Je pense avoir ainsi acquis un point de vue et une expérience personnelle assez uniques qui m’ont amené à la conclusion suivante :
Pour communiquer sur le « design », il faut en général moins de documentation et plus de communication claire, concise et continue.
En d’autres termes : passez du temps à concevoir, pas à documenter. Je ne sais pas pour vous, mais contrairement à ce que j’entends de certains designers, je ne suis pas là pour faire des organigrammes, des personas et des wireframes. Au final, ces choses ne comptent pas. Même dans le meilleur des cas, elles coûtent beaucoup de temps et d’énergie. Au pire, elles peuvent être source de problèmes de communication ou utilisées comme justification lorsqu’une conception de produit n’aboutit pas. J’ai vu de grandes idées mourir prématurément faute d’avoir atteint un consensus sur la documentation. C’est ridicule.
Très souvent, les designers consacrent beaucoup trop de temps à produire des livrables impressionnants mais inefficaces, et pas assez à s’assurer que les décisions, les choix au cœur de ces livrables soient compris de façon appropriée [2].
Communiquer les choix de conception (sans obligatoirement les documenter) est assurément une part essentielle du processus de design. Mais ce sont ces idées, ces décisions – et leur impact sur le produit final – qui comptent vraiment, non les documents en eux-mêmes.
Dans la plupart des cas :
- Si vous faites de la conception « haut niveau » (définition des buts, plans d’action, spécification fonctionnelle, planning de contenus, parcours de navigation, etc...), vous devriez passer votre temps à réfléchir et à résoudre les problématiques, et ensuite, aussi brièvement et clairement que possible, communiquer les résultats de cette réflexion.
- Si vous faites de la conception détaillée (conception graphique, interfaces utilisateur, conception d’interaction), vous devriez travailler sur les détails et les ressources qui participeront au produit final. Si vous en avez la capacité, vous devriez produire (ou produire en collaboration directe avec un ingénieur) des prototypes directement fonctionnels, ou, mieux encore, travailler directement sur le produit final en lui-même. Même si je ne code pas beaucoup, je suis un grand fan de l’approche « conception en direct ».
- Si vous faites de la conception intermédiaire – comme des wireframes ou des personas [3] – faites-le avec une attention extrême. Rappelez-vous que ce sont des moyens vers un but, une fin ; considérez-les ainsi et vous aurez beaucoup moins de problèmes.
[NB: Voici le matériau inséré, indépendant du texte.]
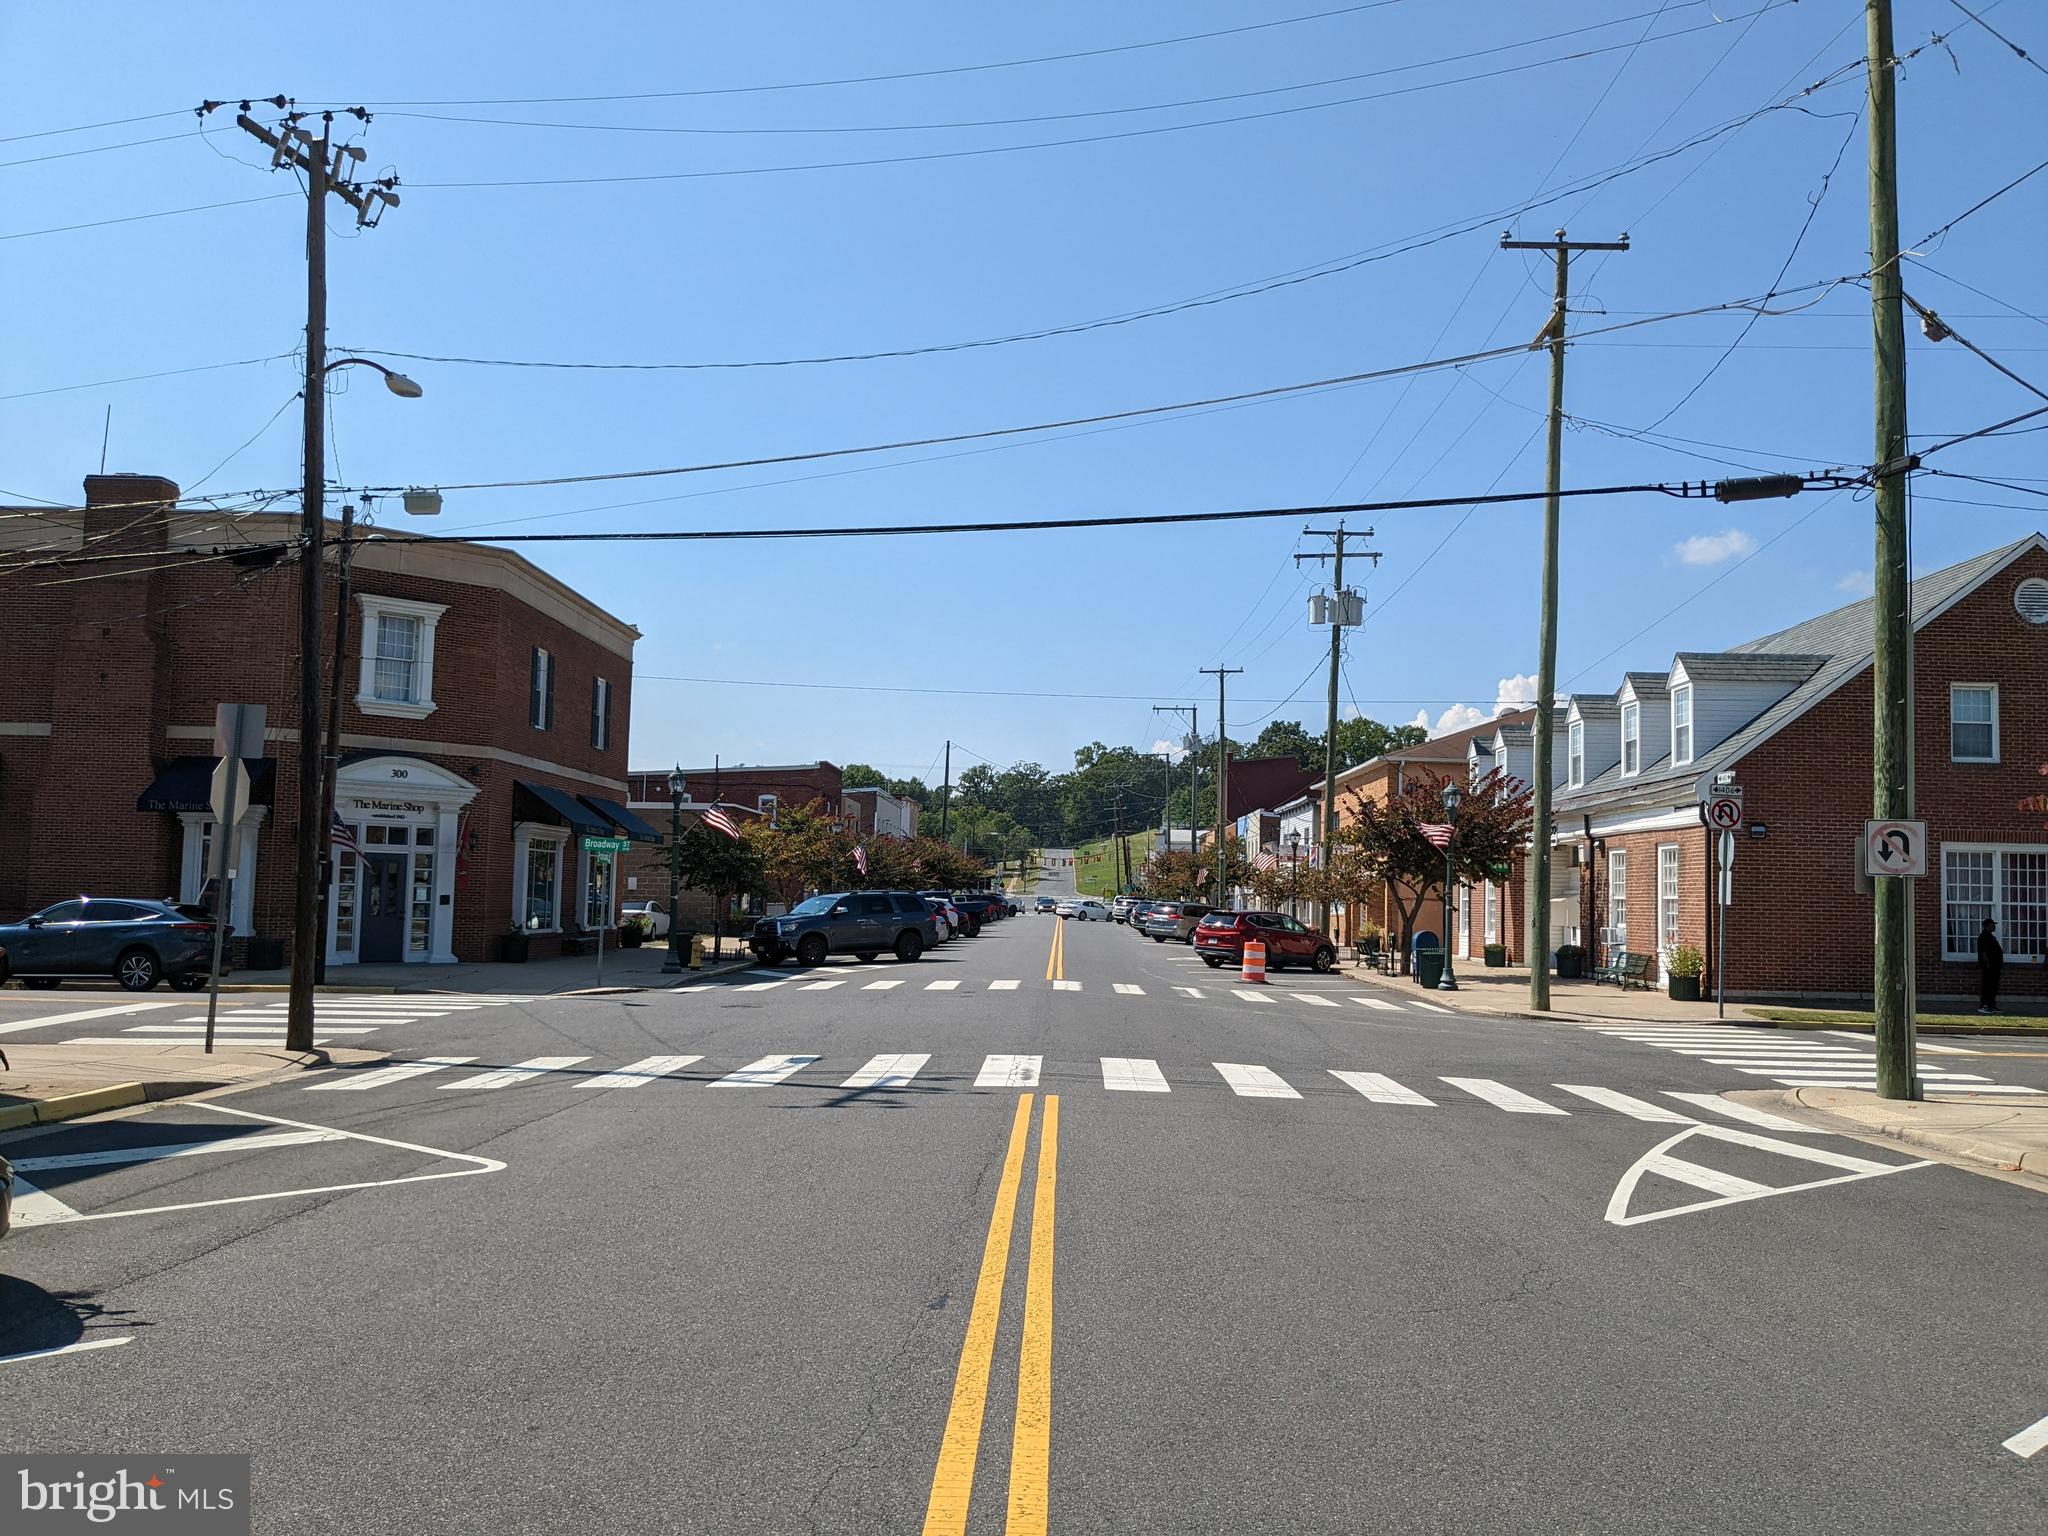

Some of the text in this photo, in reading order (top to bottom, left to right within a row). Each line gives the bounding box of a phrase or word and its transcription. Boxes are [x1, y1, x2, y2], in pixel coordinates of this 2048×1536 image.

[391, 769, 408, 779] 300
[1718, 786, 1735, 794] 1406
[148, 799, 165, 810] The
[169, 800, 204, 811] Marine
[353, 799, 424, 814] The Marine Shop
[585, 838, 619, 851] Broadway
Je me rends bien compte (faites-moi confiance) que tout ceci n’est pas toujours faisable. Habituellement, cela se joue à la composition de votre équipe. Vous pouvez avoir des concepteurs UX (ou ergonomes) qui ne sont pas très à l’aise avec l’apparence, ou un designer qui, comme moi, ne code pas beaucoup. Et cela peut marcher, encore une fois, s’il y a des personnes qui savent communiquer. Je ne vais pas relancer la polémique du « spécialiste contre le généraliste », à part pour dire que tout le monde, dans une équipe, devrait tendre vers une compréhension solide du travail de ses collègues [4]. Les designers devraient au moins être capable de communiquer efficacement avec les ingénieurs, et vice versa. Et si vous avez des personnes dont les talents englobent plusieurs parties des compétences en jeu, c’est génial. Même si elles n’accomplissent pas directement tout le travail. Par exemple, je peux coder, mais habituellement, il y a quelqu’un dans l’équipe qui est meilleur que moi pour cela. C’est une bonne chose que d’avoir cette capacité, d’être capable de discuter de cette partie, et en même temps de laisser mes collègues faire ce qu’ils font de mieux.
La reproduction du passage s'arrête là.